The graph below shows the CESI can be volatile, but that’s not necessarily because of the fits and starts of real economic activity. Rather, the index captures how economic indicators are coming in relative to investment analysts’ expectations. It, therefore, reflects analysts’ shifting optimism or pessimism and where they’ve been caught wrong-footed in their expectations. Calculated over a three-month rolling window, the index weights its constituent indicators based on how strongly positive or negative surprises in them have affected financial markets in the recent past. When the index is below zero, it means the constituent indicators have been coming in under anticipated levels, on balance, and vice versa. At the end of October, the index stood at -16.1, suggesting indicators have recently been disappointing.
Positive surprises or disappointments can affect investors’ willingness to buy assets, and statistical analysis confirms the relationship. In the chart below, we modeled the three-month change in the 10-Year Treasury yield (in basis points) based on the level of the CESI. Over time, lots of things affect Treasury yields, and the CESI certainly doesn’t explain the majority of the move in yields. Yields often move more or less than our model might suggest. Nevertheless, the analysis offers positive confirmation that there is a relationship between the two variables. We think that relationship can be one tool in understanding where bond yields might be heading.

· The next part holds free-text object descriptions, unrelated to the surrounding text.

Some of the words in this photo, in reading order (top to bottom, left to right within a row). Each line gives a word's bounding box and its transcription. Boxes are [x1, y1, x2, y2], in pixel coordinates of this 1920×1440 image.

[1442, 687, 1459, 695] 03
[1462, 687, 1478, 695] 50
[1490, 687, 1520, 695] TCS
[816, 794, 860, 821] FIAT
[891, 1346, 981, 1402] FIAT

Since the middle of last year, for example, the CESI has been weakening as the economy’s initial, unexpectedly strong recovery from the coronavirus pandemic began to moderate. The model, therefore, predicted that the rise in Treasury yields should start to slow and then turn negative (the green line). However, investors were slow to focus on the moderating recovery. Bond yields were driven sharply higher by greater optimism about growth and rising concerns about inflation and Fed rate hikes. Yields sharply accelerated during the spring until they reached a level far above what the model would have suggested (the red line). In other words, the rise in yields accelerated well beyond what would have been expected given the reduced level of positive surprises in the economic data. This condition provided a hint that the sell-off in bonds and the associated spike in yields might be ready to end or reverse, which is one reason we became more willing to own longer-maturity bonds in our asset allocation strategies during the spring.

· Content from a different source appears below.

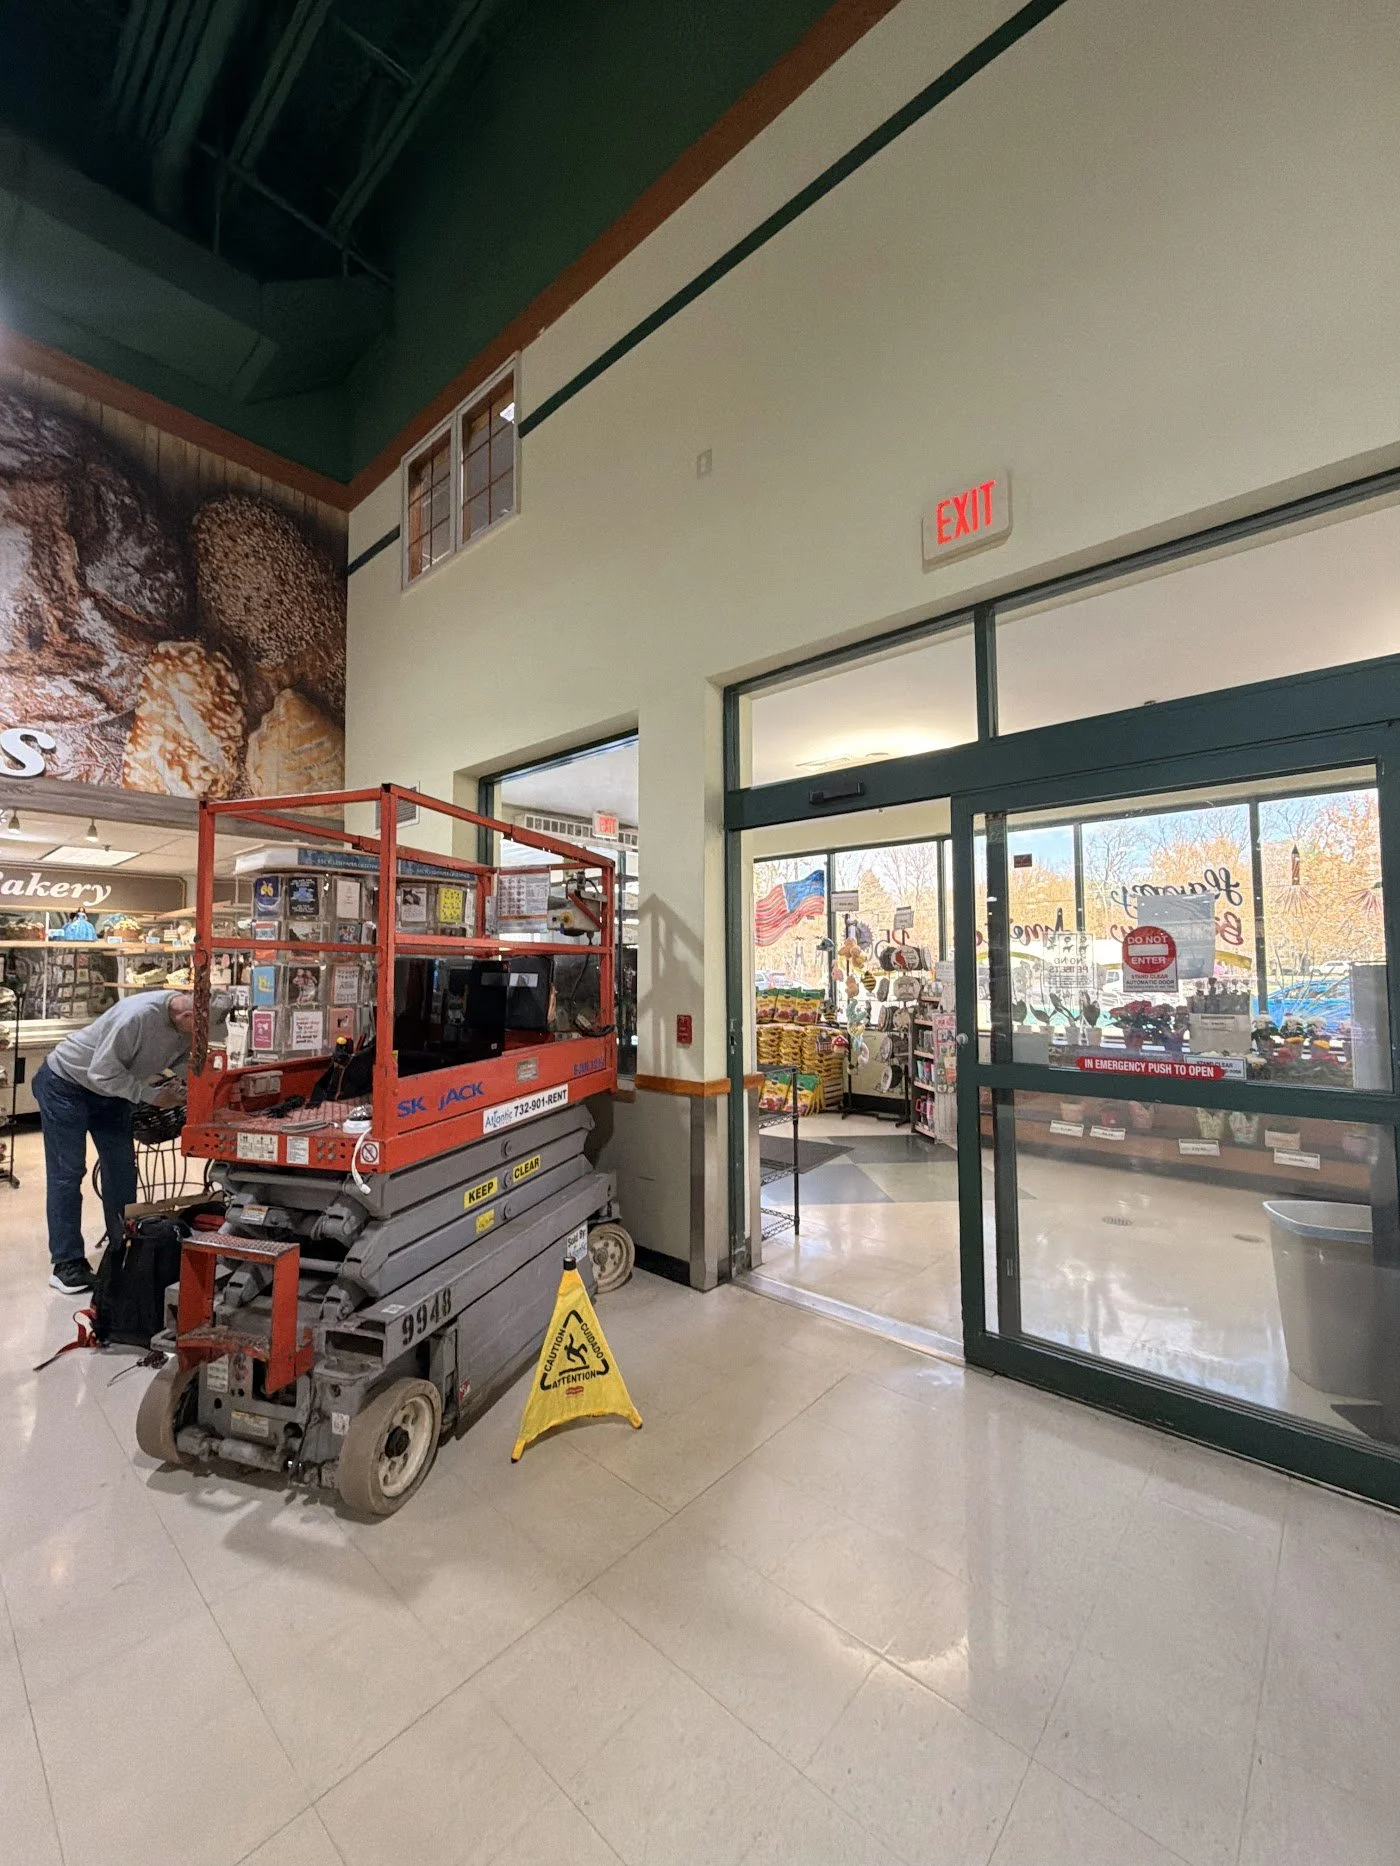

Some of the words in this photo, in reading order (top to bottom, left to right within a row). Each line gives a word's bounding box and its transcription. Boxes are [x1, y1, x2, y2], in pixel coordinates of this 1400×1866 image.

What is the CESI signaling now? As shown in the chart, recent yield fluctuations have been right in line with what our model would suggest. If positive and negative data surprises now remain closer to their historical balance and the CESI stabilizes, bond prices could remain close to their current levels. Furthermore, yields could stay in a relatively limited range for the time being, in spite of some investors’ concerns about rising inflation and tighter monetary policy.